My local newsagent, which proudly claims to be ‘Porn Free’, serves up both US and UK flavours of Wired’s technoporn. The UK version is relatively new. It borrows much of its big brother’s material, dilutes some of the adjectives and mixes in some British examples. But it just doesn’t feel right. Recent reporting about Silicon Roundabout reads as though it was written by special advisers from the department of Business, Innovation and Skills, with Steve Hilton breathing down their necks. (Hilton is rumoured to have actually said the words “I’ve seen the future and it’s in Shoreditch.”)

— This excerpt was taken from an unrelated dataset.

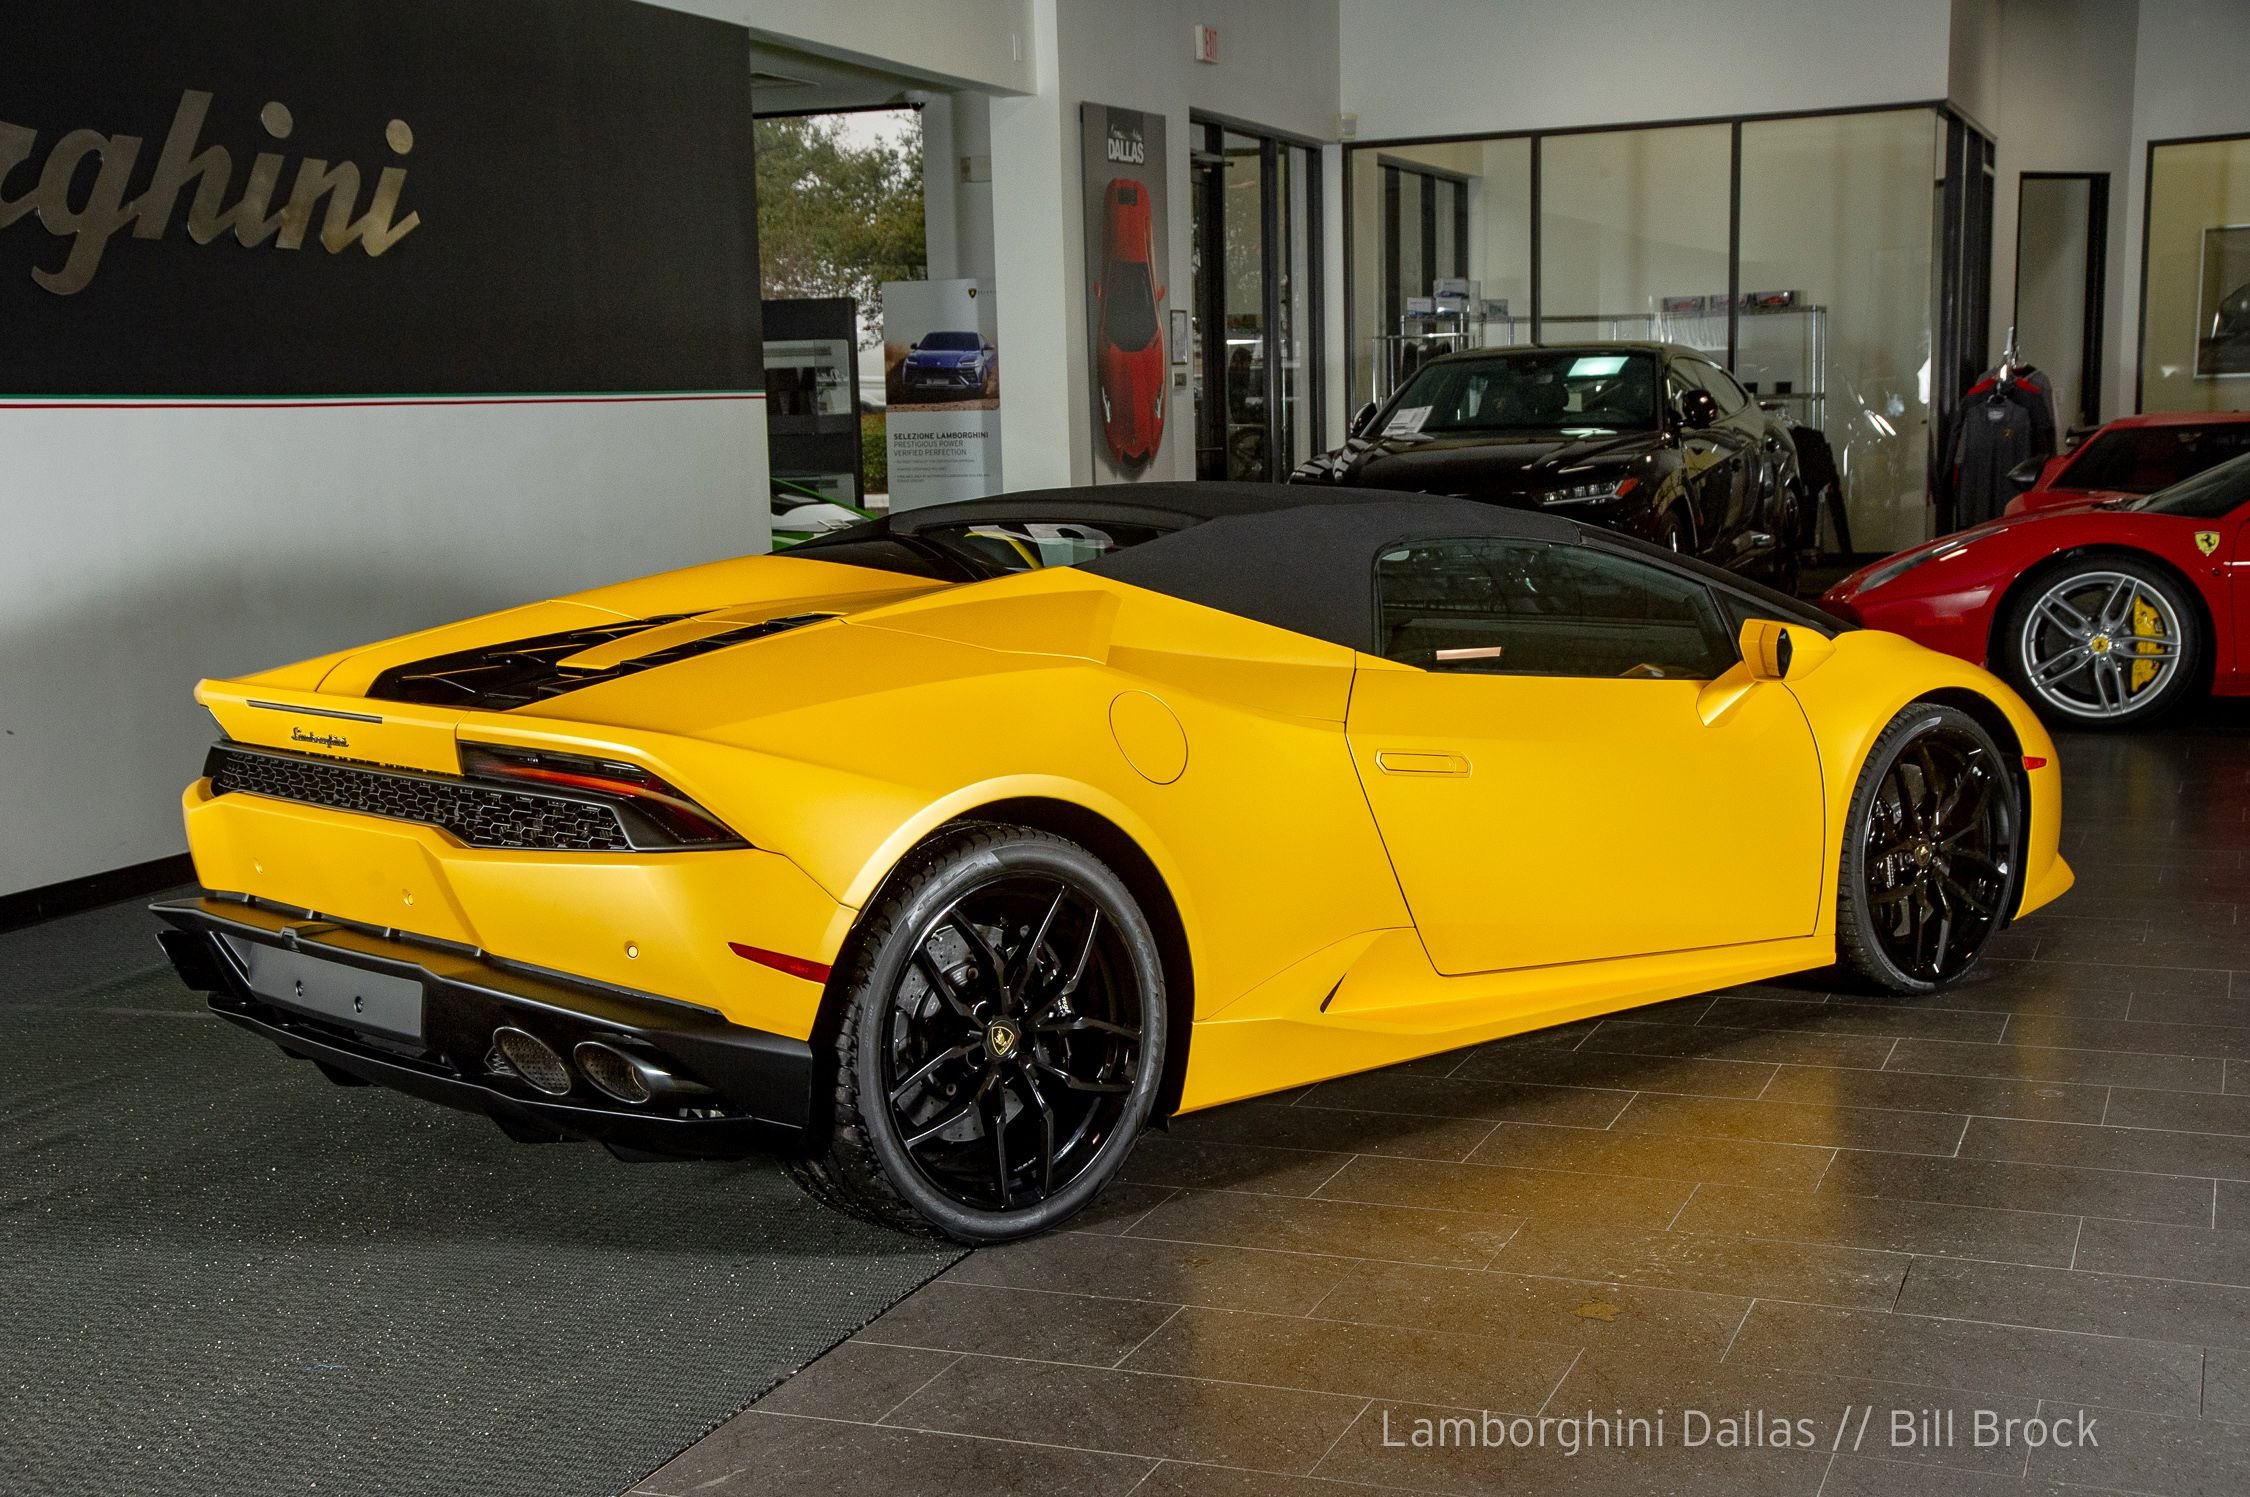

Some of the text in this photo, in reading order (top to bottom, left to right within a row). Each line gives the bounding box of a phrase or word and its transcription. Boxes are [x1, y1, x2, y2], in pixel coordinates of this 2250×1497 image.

[1108, 138, 1144, 164] DALLAS
[893, 431, 989, 440] SELEZIONE LAMBORGHINI
[893, 448, 967, 457] VERIFIED PERFECTION

American Wired is a cultural artefact – it transcribes a particular culture (mostly Silicon Valley) and zealously sells it to a global subculture of enthusiasts. Its prophets and disciples, some of whom refer to themselves without irony as ‘technology evangelists’, see their job as saving souls, converting others to their particular worldview. Actor Network Theorists would not be surprised. The evangelists are doing a version of ‘heterogenous engineering’. Technology, as much as anything, does not speak for itself. Its future users need to be defined, enrolled, tamed to fit the innovation in question.
There are books to be written (probably have been. Anyone?) about the religious threads woven through US science policy. Geneticist and devout christian Francis Collins was a convenient choice to lead the Human Genome Project and the National Institutes of Health. Influential policy reports about nano– and converging technologies are almost transcendental. And lets not get started on the Singularity…
In the UK, we like our technology how we like out ministry – quiet, reliable, with tea and cakes. This is why UK Wired doesn’t work for me. It’s like Billy Graham rocking up to St Winifred’s Chigwell. But maybe this is actually what we need more of. As Anglican congregations shrivel and urban evangelical stadium worship booms, maybe we should all follow the hypesters.